Start of Data extracts
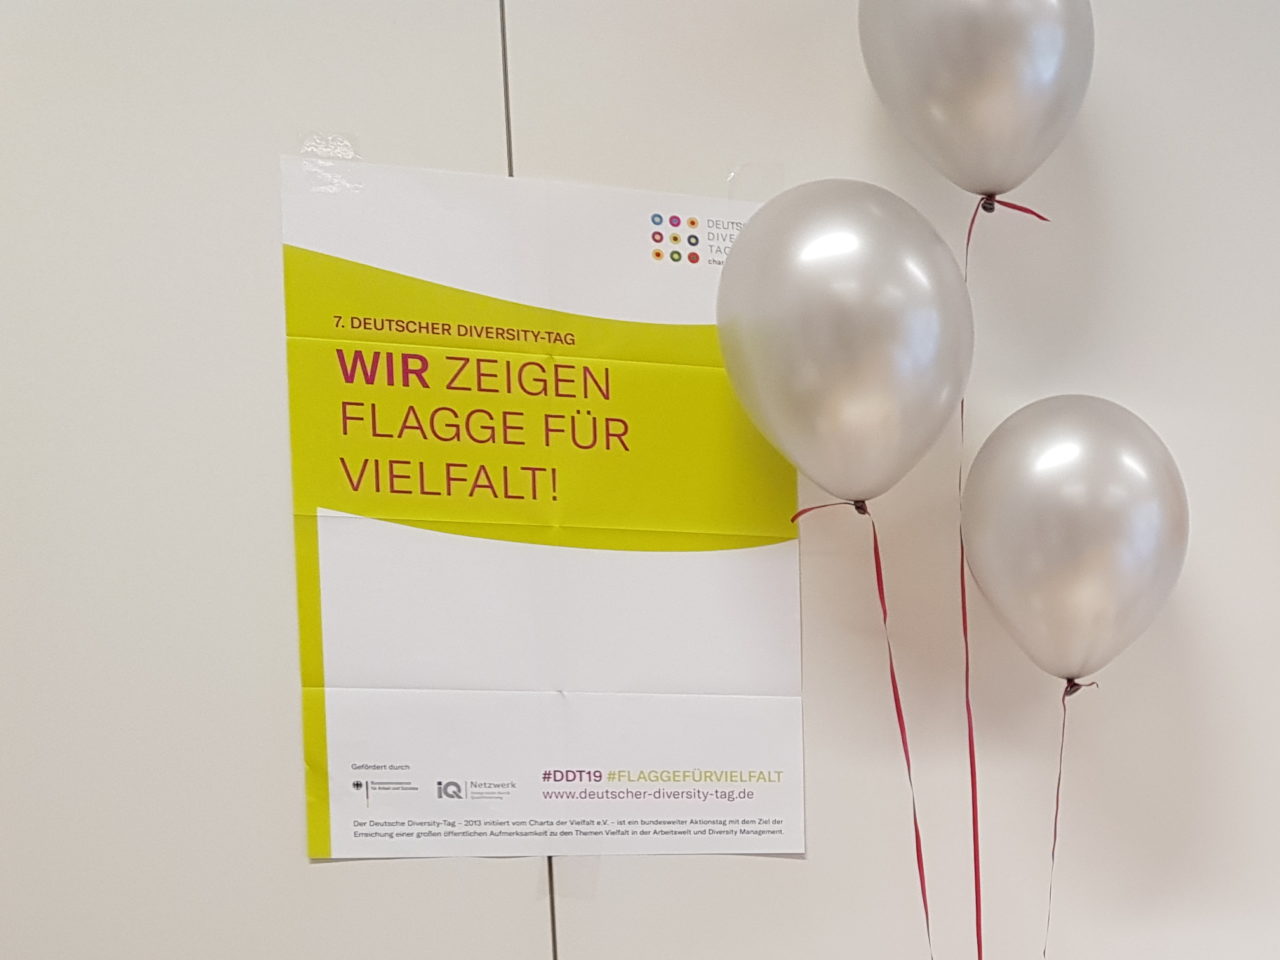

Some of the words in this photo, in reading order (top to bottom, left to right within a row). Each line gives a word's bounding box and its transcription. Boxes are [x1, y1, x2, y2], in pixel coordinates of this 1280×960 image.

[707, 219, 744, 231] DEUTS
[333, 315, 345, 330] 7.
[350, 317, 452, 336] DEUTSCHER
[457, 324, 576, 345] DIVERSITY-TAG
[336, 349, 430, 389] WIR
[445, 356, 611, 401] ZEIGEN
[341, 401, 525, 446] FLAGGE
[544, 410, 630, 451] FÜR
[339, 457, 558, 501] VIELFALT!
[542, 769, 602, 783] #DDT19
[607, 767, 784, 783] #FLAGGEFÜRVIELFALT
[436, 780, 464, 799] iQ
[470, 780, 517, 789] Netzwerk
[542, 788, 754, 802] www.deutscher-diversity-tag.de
End of Data extracts
• What the exercise asks: Would you repeat the listing above exactly, minus the images?

• Answer for the task:
Some of the words in this photo, in reading order (top to bottom, left to right within a row). Each line gives a word's bounding box and its transcription. Boxes are [x1, y1, x2, y2], in pixel coordinates of this 1280×960 image.

[707, 219, 744, 231] DEUTS
[333, 315, 345, 330] 7.
[350, 317, 452, 336] DEUTSCHER
[457, 324, 576, 345] DIVERSITY-TAG
[336, 349, 430, 389] WIR
[445, 356, 611, 401] ZEIGEN
[341, 401, 525, 446] FLAGGE
[544, 410, 630, 451] FÜR
[339, 457, 558, 501] VIELFALT!
[542, 769, 602, 783] #DDT19
[607, 767, 784, 783] #FLAGGEFÜRVIELFALT
[436, 780, 464, 799] iQ
[470, 780, 517, 789] Netzwerk
[542, 788, 754, 802] www.deutscher-diversity-tag.de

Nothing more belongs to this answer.